L’occupation de l’espace public par le street art

Le « Street art », l’art urbain et l’art public, qu’ils soient sous forme de tags ou de graffitis, sont des formes d’expression artistique très souvent confondues par la population. Pourtant, il existe des différences marquées entre ces différentes formes d’expression.

Par Martine Dallaire

 

Des phénomènes différents

On relie habituellement l’art public à une commande découlant d’une institution publique ou privée, habituellement installée à l’intérieur ou à l’extérieur d’un espace à vocation publique, le plus souvent rattaché à la mission du lieu hôte. Il s’agit d’œuvres permanentes. Quant à l’art urbain, il découle à l’origine de la pratique du graffiti et remonte aux civilisations anciennes. Le graffiti a évolué au gré des époques. On le définit aujourd’hui comme étant une inscription ou un dessin satirique ou caricatural griffonné sur un mur, sur un monument public ou sur un quelconque véhicule permettant de faire voyager le graffiti. Si le graffiti fait partie de l’art de rue, aux yeux de certains, il est, pour d’autres, illégal et associé au vandalisme, et ce, même si certaines œuvres visuelles sont beaucoup plus élaborées dans l’espace public que le graffiti. Finalement, si vous ignorez ce qu’est le tag, il consiste à marquer son territoire par l’inscription du nom ou du surnom de l’adepte de ce mode d’expression pour le faire connaître et laisser la trace de son passage ou de son identité aux plus grands nombres d’endroits visibles. Les murs, les trains et les camions aussi, car ils se déplacent, sont les supports idéaux. La signature est stylisée et doit se faire rapidement puisque cette pratique est interdite. 

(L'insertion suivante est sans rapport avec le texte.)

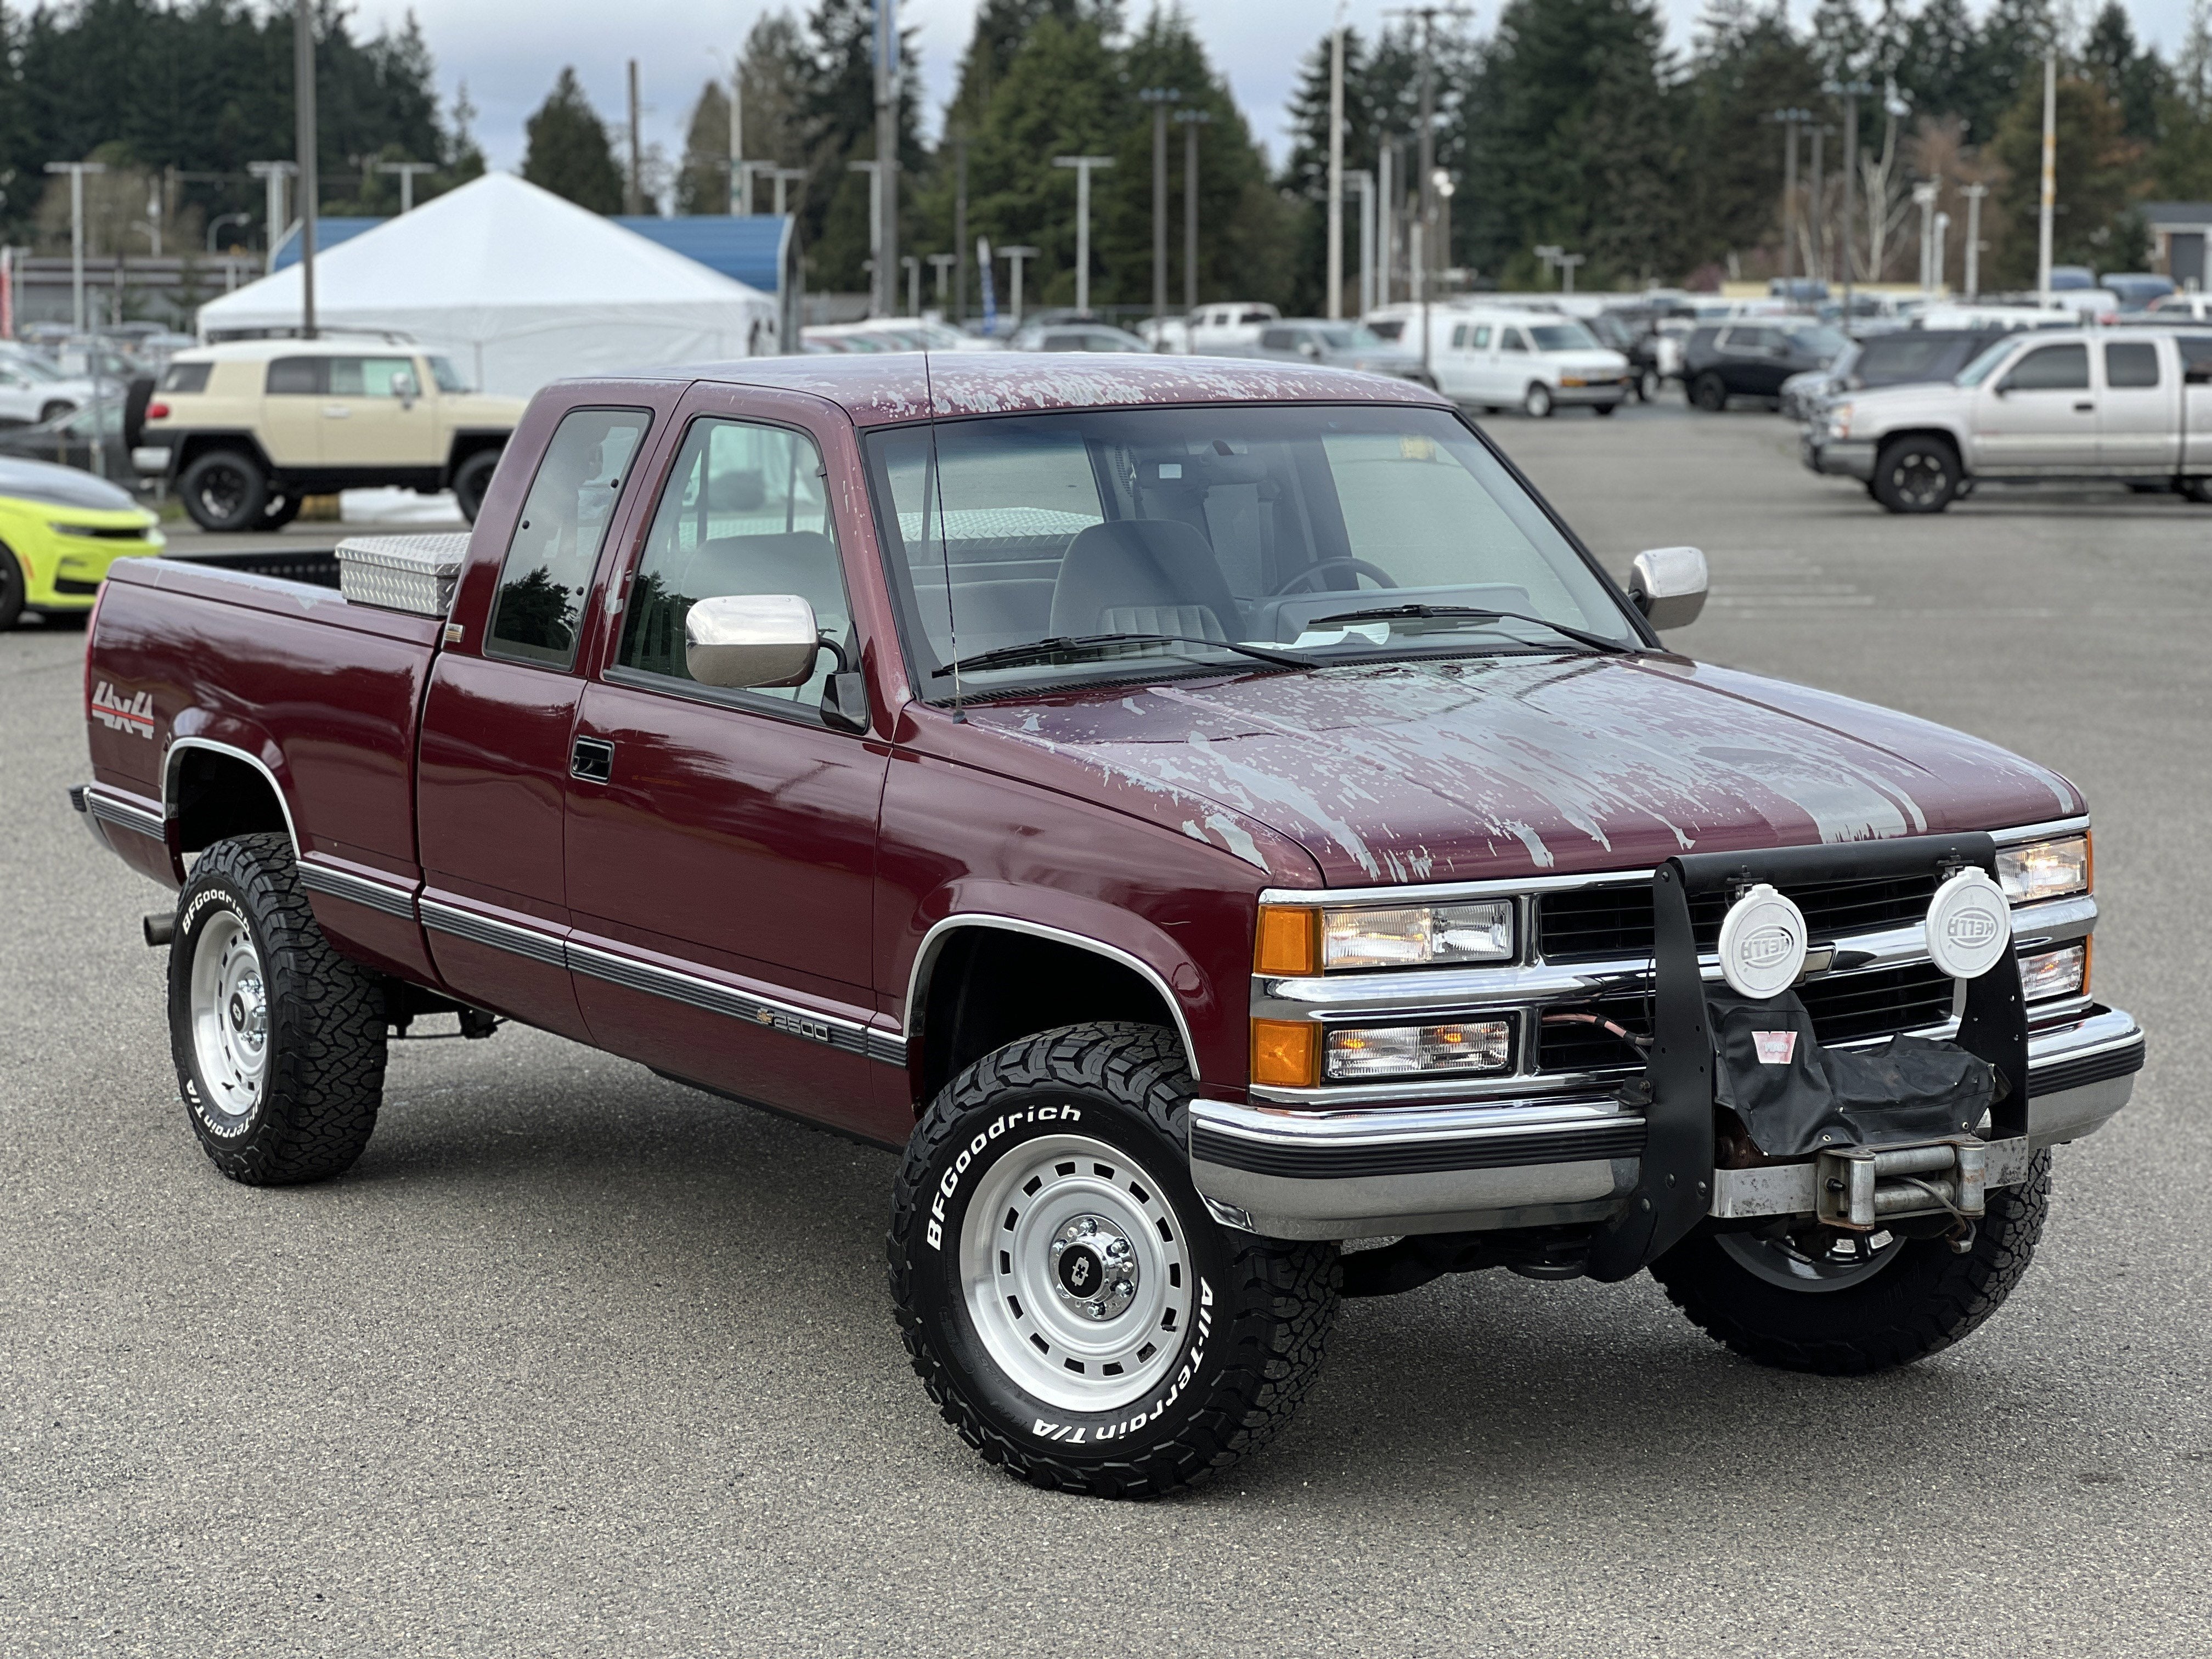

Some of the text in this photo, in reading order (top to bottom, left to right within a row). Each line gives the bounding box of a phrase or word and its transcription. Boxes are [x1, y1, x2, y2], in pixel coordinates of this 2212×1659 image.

[182, 889, 250, 935] BFGoodrich
[1948, 918, 1994, 936] HELLA
[1741, 938, 1790, 960] HELLA
[774, 1015, 828, 1042] 2500
[187, 1079, 262, 1138] All-Terrain T/A
[927, 1104, 1081, 1251] BFGoodrich
[1032, 1277, 1213, 1443] All-Terrain T/A

Le street art : un mouvement qui prend de l’ampleur, mais qui a un visage changeant

Le mouvement street art est considéré, par plusieurs, comme initiateur d’œuvres, bien qu’éphémères, souvent grandioses et très puissantes, véhiculant un message social ou politique. Si les créateurs ne tiennent pas à être reconnus, ils veulent toutefois rendre leurs messages visibles. On sait que les artistes du street art sont majoritairement des créateurs masculins, même si on retrouve tout de même dans ce groupe un faible pourcentage de femmes. De même, la génération actuelle étant moins marginalisée, cette dernière est supposément moins attirée par ce mouvement que la précédente.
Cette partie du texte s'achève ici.